Easy Chickpea Burger Patties (No Egg!)
Ingredients
- 2 15-oz cans chickpeas, 425 g each
- ½ cup sun-dried tomatoes, 60 g
- ½ medium red onion, ½ cup diced
- 4 cloves garlic
- ¼ cup Italian parsley, aka flat leaf parsley, thick stems removed
- ¼ cup flour, can sub chickpea flour for gluten-free, 30 g
- 1 tsp each cumin and smoked paprika
- ½ tsp each salt and pepper
Instructions
- Prep: Drain the cans of chickpeas well, then pat them dry with paper towels.
- Blitz: Add sun dried tomatoes, onion, and garlic to a food processor and blitz until broken down. Add chickpeas and blitz again briefly. Add all remaining ingredients and pulse just until combined. Cover and chill in the fridge for at least an hour (up to 24 hours).
- Shape: Scoop ½ cup sized portions of the burger dough, then use your hands to form them into patties.
- To cook on the stove: Place patties on a greased saute pan over medium heat. Cook each side for 5 to 7 minutes, or until golden brown and firm all the way through.To cook on the grill: Set patties on a greased piece of aluminum foil over medium/high heat. Cook each side for about 7 minutes, or until golden brown and firm.To cook in the oven: For baked chickpea burgers, arrange patties on a greased baking sheet and bake at 400°F (204°C) for 15 to 20 minutes, flipping once during cooking.
- Serve on a burger bun with your favorite burger toppings, like cheese, lettuce, tomato, and red onion. (And don't forget the condiments. BBQ sauce, mustard, and vegan mayo are all great on these!)
Notes
Nutrition
Nutrition information calculated by Sarah Bond, degreed nutritionist.



















How many cooked chickpeas (from dry) will be a good substitute for 2 cans please?

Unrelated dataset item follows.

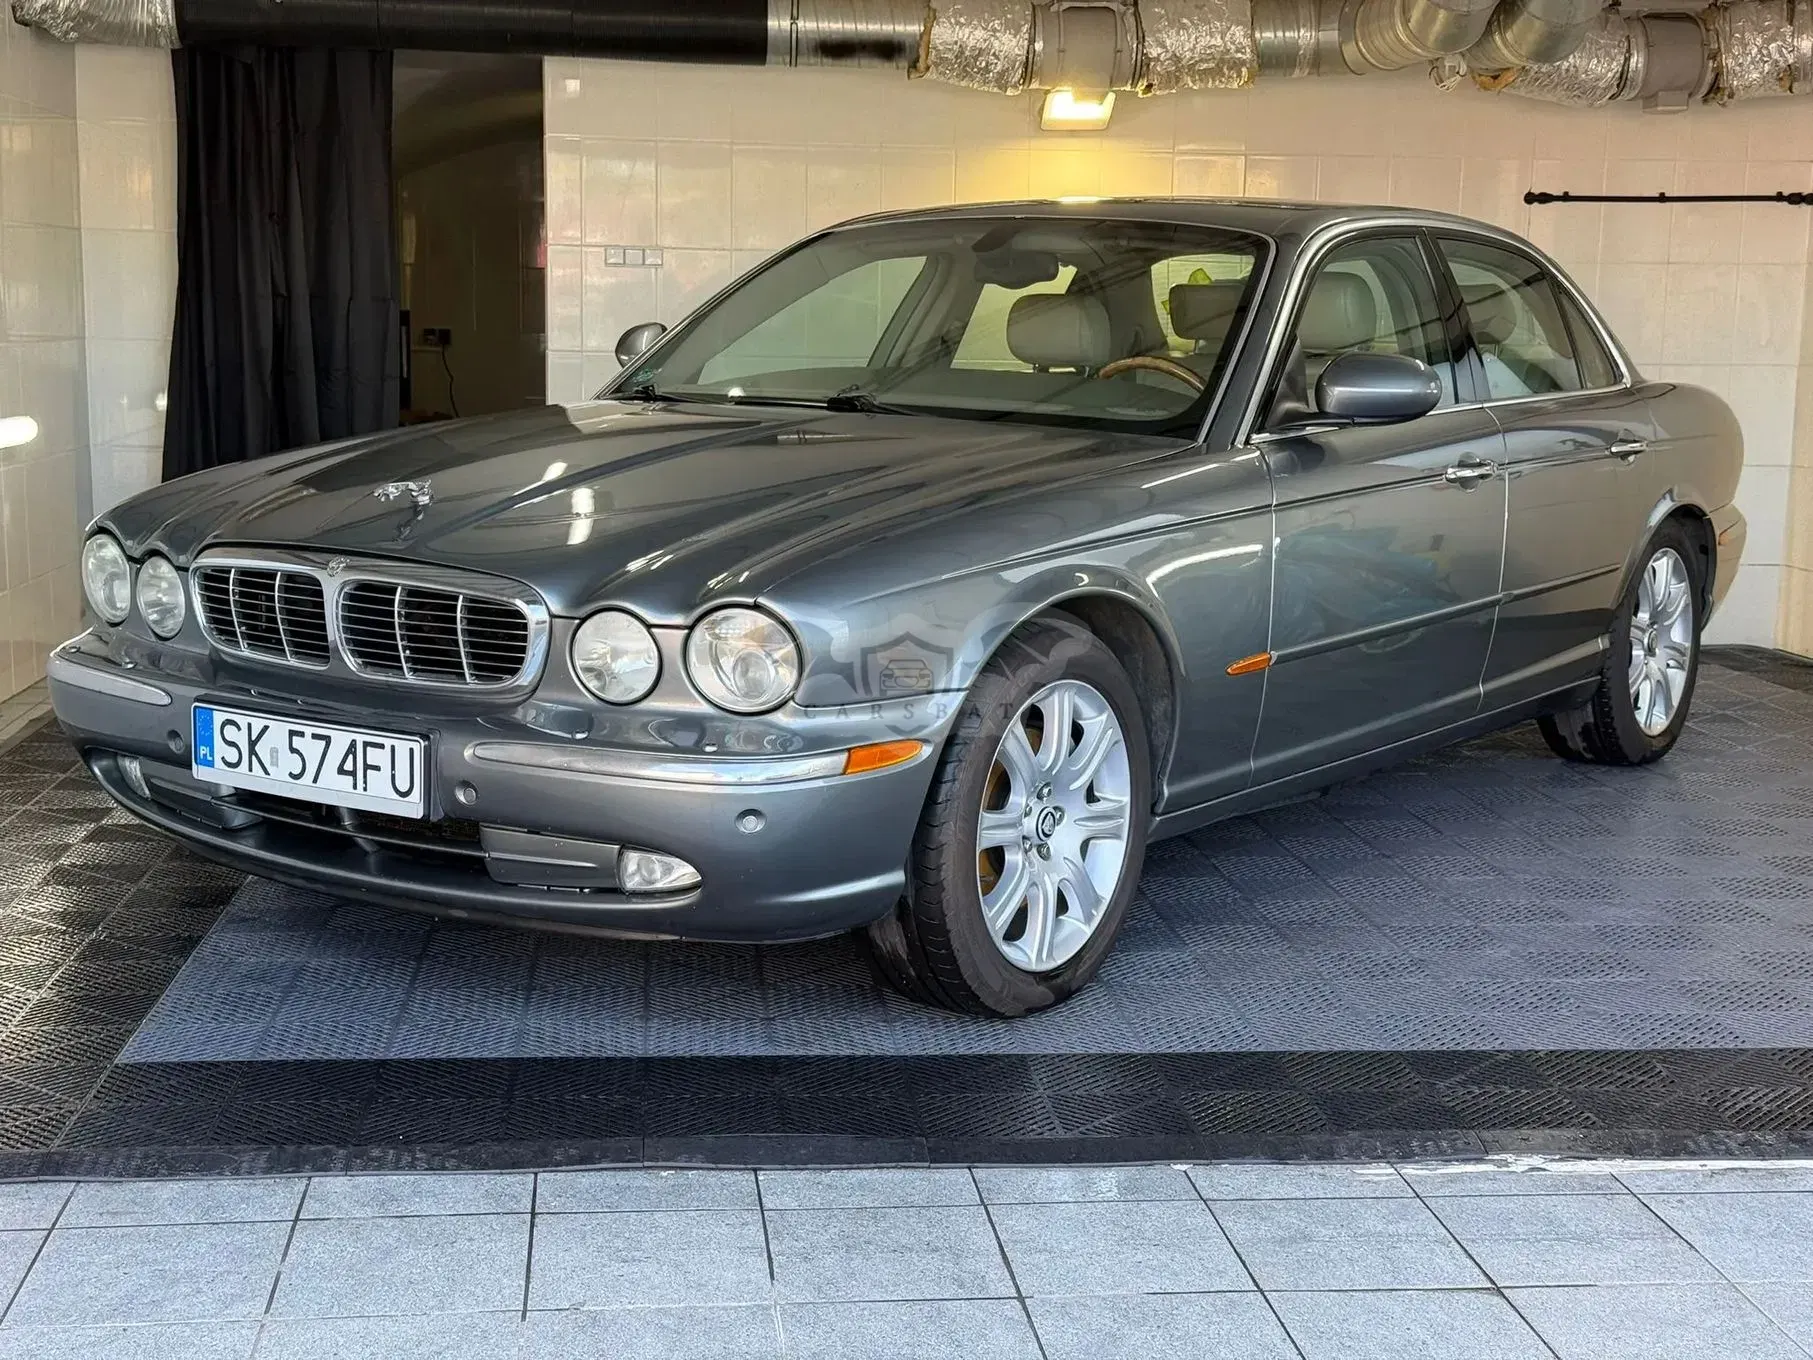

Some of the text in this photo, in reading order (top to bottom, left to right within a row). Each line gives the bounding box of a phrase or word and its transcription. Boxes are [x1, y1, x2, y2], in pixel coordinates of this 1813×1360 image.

[200, 746, 213, 761] PL
[219, 718, 415, 799] SK 574FU

Say 3 cups? Thank you!
3 cups! Each 1 can is about 1.5 cups of cooked chickpeas.
I dont have a food processor , but I do have a blender. Can I use a blender?
That could work if you just pulse instead of letting it puree 🙂
Hi. I ran out of canned garbanzo beans, can I use dried if I cook them? I have lots of those!! Love your recipes!!! Thank you for sharing! ❤️
Yes, dried chickpeas will work here!
What’s your recommended way of cooking dry raw chickpeas?
Here’s my guide for how to cook dried chickpeas!
Hi Sarah! So, i tried this recipe twice and I’m still having issues like crumbling. I used chickpeas flour both times. Should I go with all purpose flour instead? Please do let me know. It tastes really yummy except crumbling. Thank you. Salik
Hi Salik! Yes, the chickpea flour could be causing problems. All purpose is definitely the best option here and will probably help them all together a bit better!
Hi Sara,
Thanks for your suggestion. It took me several more tries and now I got it. First I didn’t know how to use a Vitamix, it needed a female touch. My wife had to step in. We do this every week now. It’s easy, simple and among all, Very Yummy.
Thank you.
Salik
Thank you for sharing this recipe
Absolutely gorgeous… Will add these to my regular rotation and have forwarded page to several friends. Thank you, from New Zealand!
Big smiles over here, thanks for trying them and sharing Nikki!